====== Records supplied ======
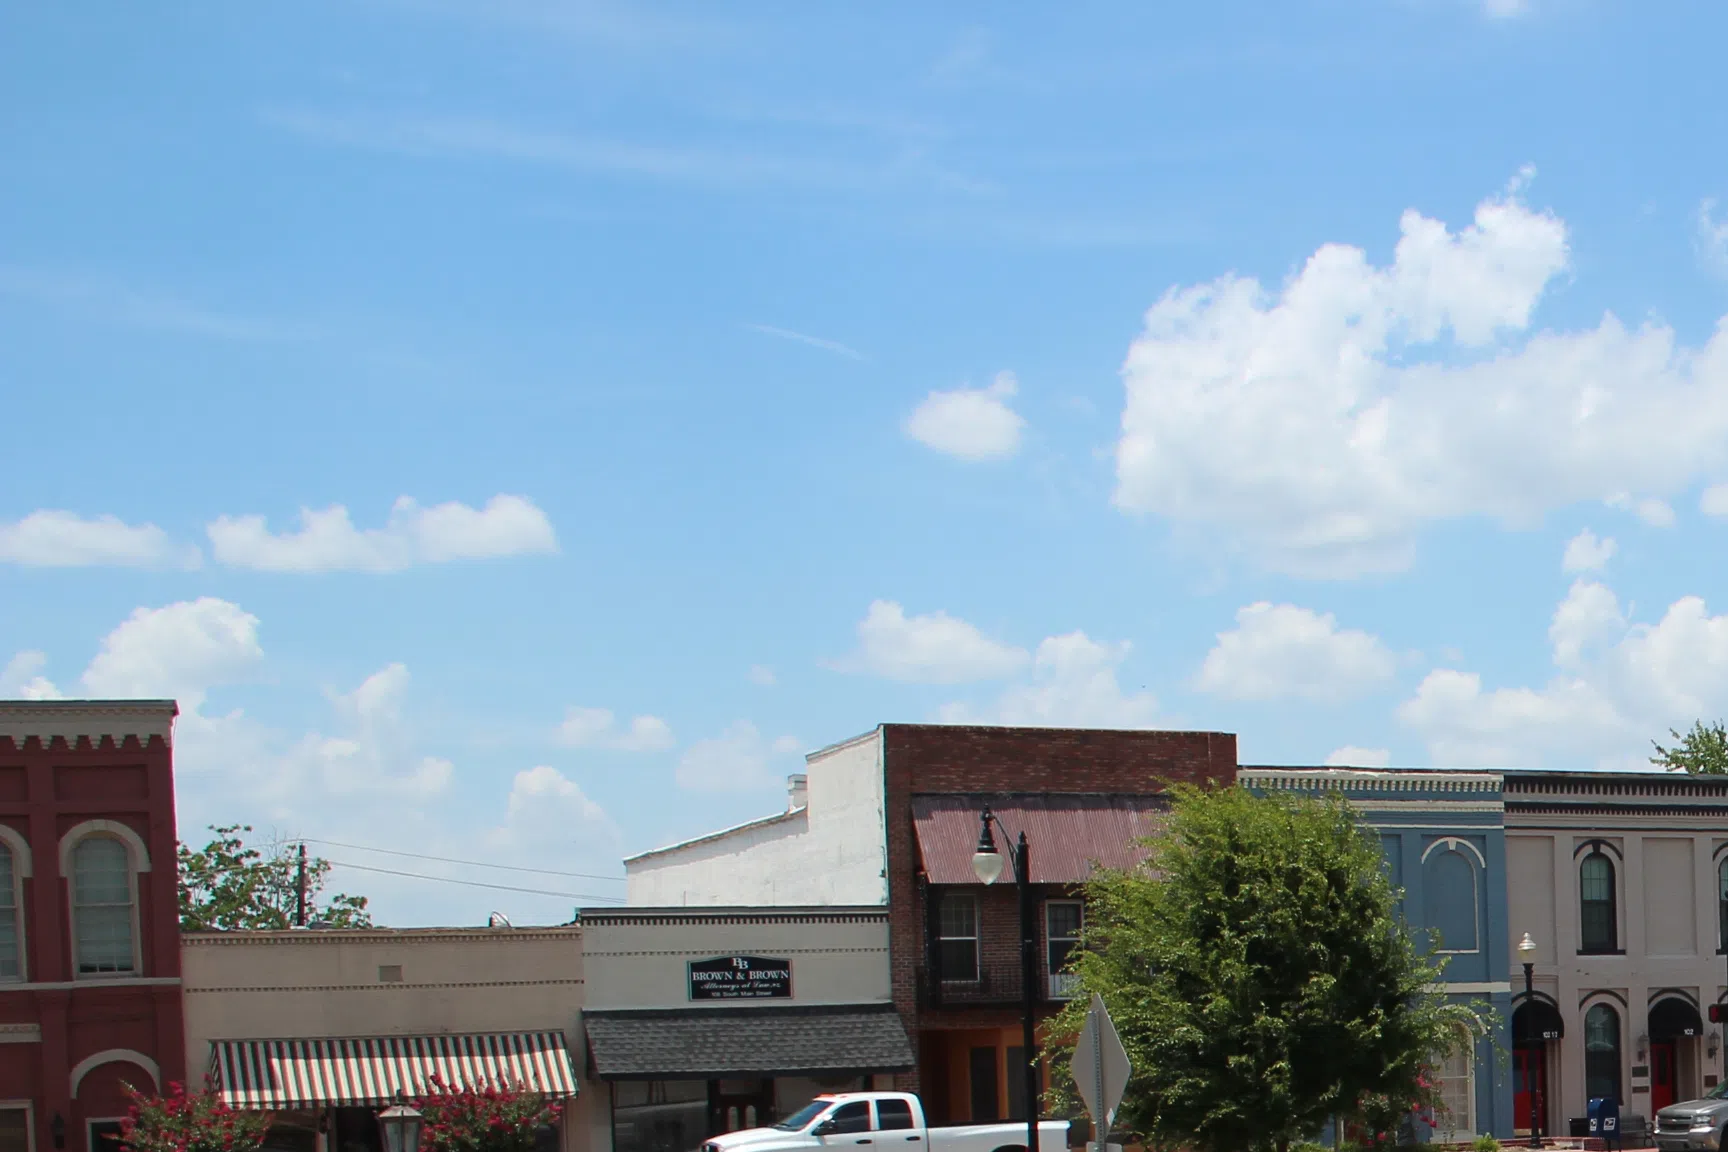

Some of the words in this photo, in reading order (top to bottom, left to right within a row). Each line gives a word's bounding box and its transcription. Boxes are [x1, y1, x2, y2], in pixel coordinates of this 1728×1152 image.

[692, 971, 733, 981] BROWN
[736, 972, 746, 980] &
[749, 969, 789, 980] BROWN
[700, 982, 740, 991] Attorneys
[741, 981, 750, 989] at
[1684, 1028, 1694, 1036] 102
======
— Exercise instructions —
Make a word-for-word repeat of the material, skipping all pictures.

— Answer —
Some of the words in this photo, in reading order (top to bottom, left to right within a row). Each line gives a word's bounding box and its transcription. Boxes are [x1, y1, x2, y2], in pixel coordinates of this 1728×1152 image.

[692, 971, 733, 981] BROWN
[736, 972, 746, 980] &
[749, 969, 789, 980] BROWN
[700, 982, 740, 991] Attorneys
[741, 981, 750, 989] at
[1684, 1028, 1694, 1036] 102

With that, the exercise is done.